The number also includes about 127,270 deaths in Russia that Rosstat, the country's statistics agency, counts as caused by Covid-19 but which do not show up on Russia's official coronavirus death toll.
Come midnight, Paris and other parts of France are set to begin new lockdowns that will last at least a month. The French capital resisted a lockdown as long as it could, but, with infections on the rise, French Prime Minister Jean Castex said it had to be done.
“More and more this is looking like a third wave,” Castex said at a news conference Thursday. A year ago, France imposed its first nationwide lockdown.
French President Emmanuel Macron has vehemently opposed a third national lockdown and instead said local lockdowns can work. The spike in Europe is linked to the spread of a more contagious strain that first emerged last year in southern England.
“Let's be clear, we're in a third wave mostly down to the rise of this famous British variant,” Macron said this week following a meeting with health officials. “The situation is critical. It's going to be very hard until mid-April.”
With 4.1 million cases detected since the pandemic started, France has recorded the sixth-highest number of infections in the world and the third highest in Europe, after Russia and the United Kingdom. In recent days, though, it has begun recording the highest number of infections in Europe with about 38,500 on Wednesday and nearly 35,000 Thursday.
Germany, too, is tightening restrictions and Hamburg, its second-biggest city, was set to go under a full lockdown on Saturday because of rising cases. German Health Minister Jens Spahn the increase in infections across Germany may require several more weeks of restrictions.

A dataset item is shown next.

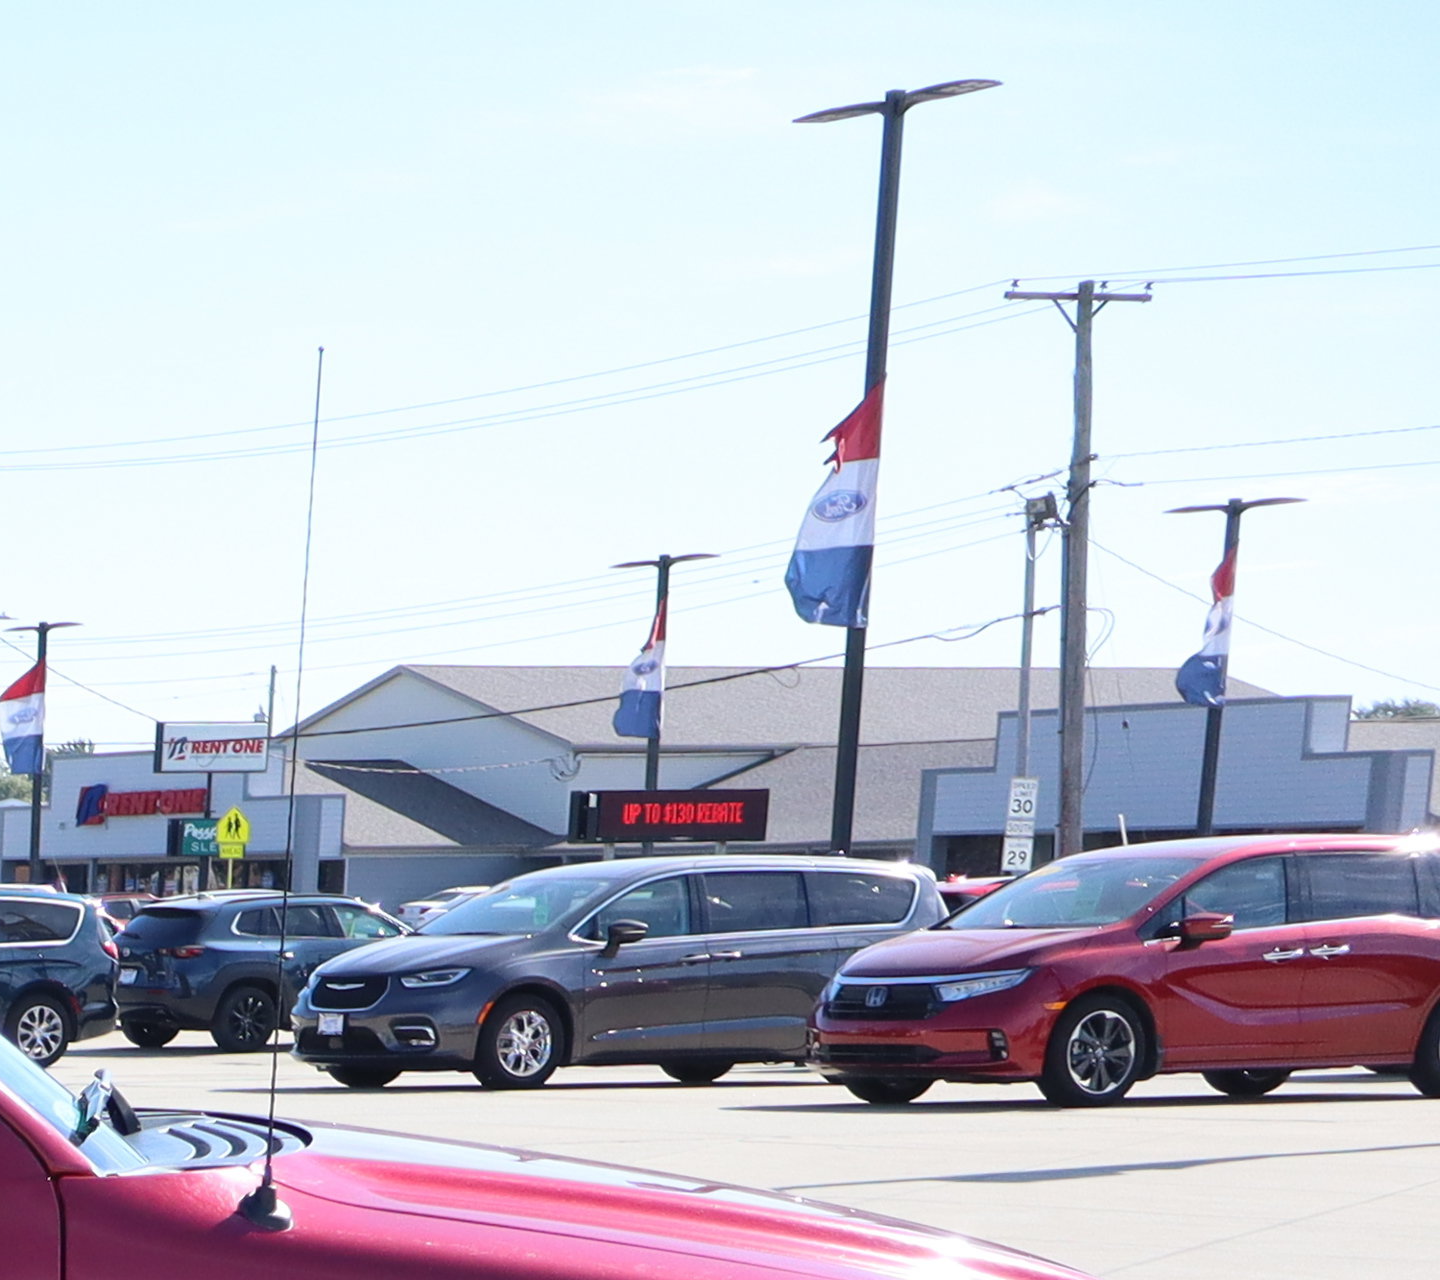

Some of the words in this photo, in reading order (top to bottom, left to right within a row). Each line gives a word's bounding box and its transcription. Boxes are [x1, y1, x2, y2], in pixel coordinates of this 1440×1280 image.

Similar lockdowns and restrictions remain in place across Europe, which along with the Americas has borne the vast majority of the pandemic's cruelty. The two regions account for about 82% of the global death toll. The death toll in North America stands at nearly 800,000, with most of those in the United States and Mexico, and at about 510,000 in South America, according to Worldometer.
In the Americas, Brazil remains the epicenter of the pandemic. The country simply can't get the pandemic under control and since November it has not enjoyed a respite. On Wednesday, it recorded 90,830 new infections, a new record. The past week was the worst yet in South America's largest country with 14,671 deaths.
Brazilian President Jair Bolsonaro is faulted for the tragic situation. When the virus emerged a year ago, he dismissed it as little more than another flu virus and refused to impose lockdowns. As the months progressed, neither physical distancing measures nor a mass vaccination plan received his backing.
This week, the country saw the resignation of its third health minister since the pandemic started.
During his 10 months as health minister, army General Eduardo Pazuello earned the nickname “Pesadello” (“Nightmare” in Portguese) for his terrible handling of the health crisis. Under his watch, about 260,000 Brazilians died from the virus. Two previous health ministers left office after disagreements with Bolsonaro.
Pazuello, who had no experience in health care when he took office, is under investigation for the collapse of the health system in the city of Manaus in the Amazon. The city endured a massive outbreak and hospitals ran out of oxygen for patients.
This new grim phase of the pandemic underscores just how difficult it will be to gain control of the virus.